Ringe is a town with a population of 6,852 (1 January 2026) on Funen in southern Denmark. It is the seat of Faaborg-Midtfyn Municipality and was the seat of the now abolished Ringe municipality. The main office of Rynkeby Foods, a major Danish producer of juice and squash, is located in Ringe.

== Landmarks ==

=== Museum ===
The Ringe Museum is the only existing museum in the town and is a vast part of its cultural history.

In 1704, the building was constructed as a school, with many improvements and adjustments being made in 1737. The museum is run by Midtfyns Museumsforening and is funded by Faaborg-Midtfyn Kommune, who owns the building itself.
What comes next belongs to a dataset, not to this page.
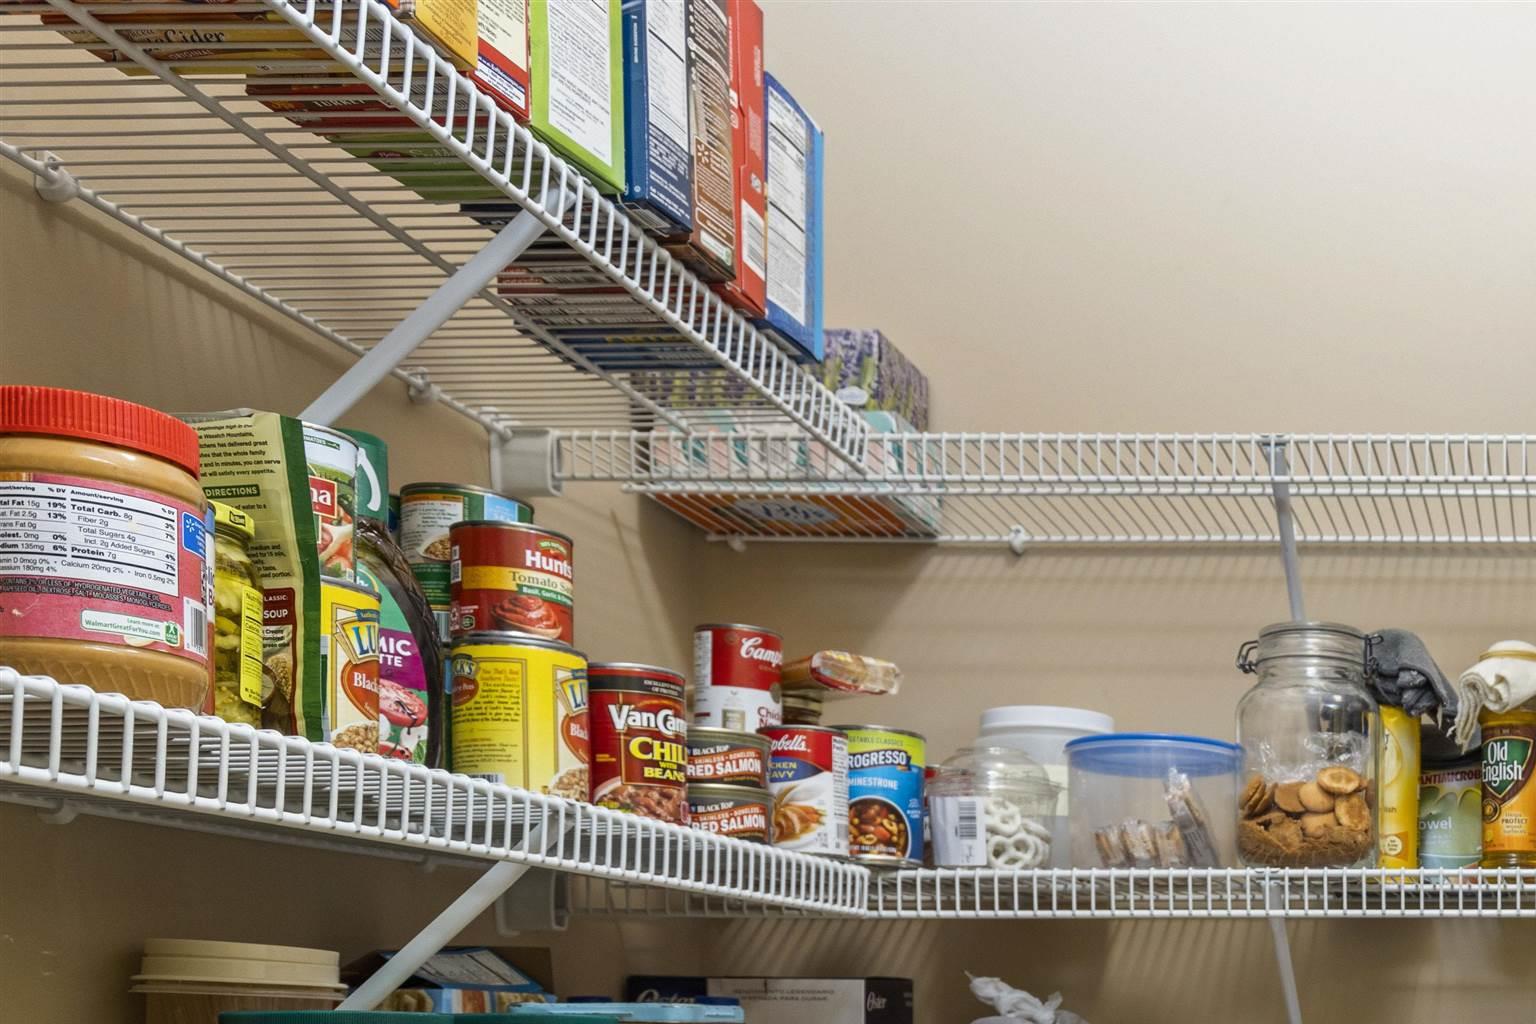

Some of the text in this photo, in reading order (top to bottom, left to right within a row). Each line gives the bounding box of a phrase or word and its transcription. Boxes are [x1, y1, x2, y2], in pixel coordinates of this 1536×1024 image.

The museum has two interiors (bedroom and living room), an extensive array of historical weaponry and a broad collection of tools representing numerous crafts. It hosts many exhibitions often, showcasing the museum's collection.

=== Church ===
The town is home to the Ringe Church, which was constructed around the year 1200. The church itself has an armory, altar, pulpit, baptismal font, burial chapel, an organ, a broad set of art, and memorial plaques and stones. Today, it is home to many activities, such as musical performances, wedding parades, and baptisms.

The church tower is under renovation since 25 April 2021.

=== Lake ===
The Ringe Sø is a popular attraction in the town. It is a shallow lake home to numerous species, such as the Red-necked grebe, Eurasian coot, Common moorhen, Mallard, and Greylag goose.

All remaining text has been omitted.